Since NSTIs are progressive, debridement should be performed as soon as the condition is diagnosed. A liberal incision is done to remove as much dead tissue as possible. The debridement is continued until healthy, raw tissues with good blood supply are encountered. In certain instances, the procedure may necessitate extensive excision of tissues leading to disfigurement or amputation. However, complete debridement must be performed because an incomplete operation remains associated with higher mortality and morbidity rates.

If possible, primary closure is performed after debridement. However, radical excision may result in massive defects requiring reconstruction, which may be delayed or performed during the same operation, depending on the extent of the defect and the patient’s status. Flaps and skin grafts may have to be performed to ensure adequate coverage of healthy underlying tissues. On occasion, especially for dirty wounds and in cases where a repeat debridement is expected, the wound may be left open and covered with saline- or Daikin’s solution-soaked dressing. A “second look” procedure may be necessary to check if the debridement is adequate and if there is disease progression.

Specimens acquired during the procedure are sent for culture studies to facilitate directed antibiotic therapy postoperatively.

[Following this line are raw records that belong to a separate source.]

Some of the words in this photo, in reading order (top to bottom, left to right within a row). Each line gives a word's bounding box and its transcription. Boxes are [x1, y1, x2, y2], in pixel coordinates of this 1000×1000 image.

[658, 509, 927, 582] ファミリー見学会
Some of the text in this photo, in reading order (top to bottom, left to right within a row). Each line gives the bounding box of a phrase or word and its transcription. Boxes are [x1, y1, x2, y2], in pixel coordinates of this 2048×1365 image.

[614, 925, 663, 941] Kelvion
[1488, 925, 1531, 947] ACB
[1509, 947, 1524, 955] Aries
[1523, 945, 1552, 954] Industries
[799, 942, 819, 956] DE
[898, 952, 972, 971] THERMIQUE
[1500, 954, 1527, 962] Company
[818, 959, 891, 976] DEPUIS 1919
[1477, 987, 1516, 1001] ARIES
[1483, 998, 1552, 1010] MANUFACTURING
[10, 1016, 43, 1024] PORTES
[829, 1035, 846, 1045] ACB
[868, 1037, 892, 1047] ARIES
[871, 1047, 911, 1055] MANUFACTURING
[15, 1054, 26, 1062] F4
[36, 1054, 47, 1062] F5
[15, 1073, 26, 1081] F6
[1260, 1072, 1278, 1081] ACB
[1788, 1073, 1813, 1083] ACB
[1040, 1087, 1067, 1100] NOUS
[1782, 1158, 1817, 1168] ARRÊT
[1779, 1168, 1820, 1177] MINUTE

Possible Risks and Complications

After the operation, rigorous monitoring in the intensive care unit is paramount. A substantial systemic inflammatory response is expected postoperatively in patients with necrotising infections, which may lead to the development of organ failure such as respiratory distress, kidney injury, septic shock, and even death. Aggressive management and continued physiologic support, including fluid resuscitation, adequate nutrition, and even mechanical ventilation, are thus crucial. Comprehensive antibiotic coverage cannot be overemphasised. Early patient mobilisation is likewise recommended. New studies are focusing on the possible benefits of using hyperbaric oxygen and intravenous immunoglobulins for these cases.

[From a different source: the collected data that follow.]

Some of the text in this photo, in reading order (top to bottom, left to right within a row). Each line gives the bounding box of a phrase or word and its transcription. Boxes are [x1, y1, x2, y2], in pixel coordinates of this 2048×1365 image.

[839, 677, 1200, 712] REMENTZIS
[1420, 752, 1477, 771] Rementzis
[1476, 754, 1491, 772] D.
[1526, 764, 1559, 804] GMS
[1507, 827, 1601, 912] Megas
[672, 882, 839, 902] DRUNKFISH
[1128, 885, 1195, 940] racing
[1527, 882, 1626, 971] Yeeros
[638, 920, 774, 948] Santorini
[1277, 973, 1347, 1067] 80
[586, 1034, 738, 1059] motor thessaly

Debridement for necrotising soft tissue infections typically results in large and complex wounds, which may lead to a number of complications. Exposure of important structures, such as cartilage and bone, to the external environment should be avoided to prevent these structures from drying out. Repeated irrigation and lavage of open wounds facilitate the removal of debris and bacteria. A negative pressure or vacuum-assisted device may be applied to the wound to improve vascularisation and healing. Adequate wound coverage minimises fluid and electrolyte loss, and protection from infection and desiccation. Various options, including xenografts and skin substitutes, may be employed. For large abdominal defects, synthetic materials, such as biologic implants or absorbable mesh, may serve as a bridge prior to definitive closure of the wound. The development of subsequent wound complications, such as a ventral hernia, can be managed at a later time.

Pain management after debridement, particularly during dressing changes, should be optimised. The use of appropriate pharmacologic therapies, such as narcotics, should be instituted to achieve pain relief. Neuropathic pain, such as that following amputation, may be managed with medications like gabapentin. Adequate pain control also promotes movement, which can help prevent complications, such as contractures.

Extensive debridement can result in significant loss of function for the patient. Rehabilitation should be done in order to ensure return of function, achieve independence, and optimise the patient’s quality of life.

References:

  • Stevens DL, Bisno AL, Chambers HF, Everett ED, Dellinger P, Goldstein EJ. Practice guidelines for the diagnosis and management of skin and soft-tissue infections. Clin Infect Dis. 2005 Nov 15. 41(10):1373-406.

  • [Guideline] Stevens DL, Bisno AL, Chambers HF, et al. Practice guidelines for the diagnosis and management of skin and soft tissue infections: 2014 update by the infectious diseases society of america. Clin Infect Dis. 2014 Jul 15. 59(2):e10-52.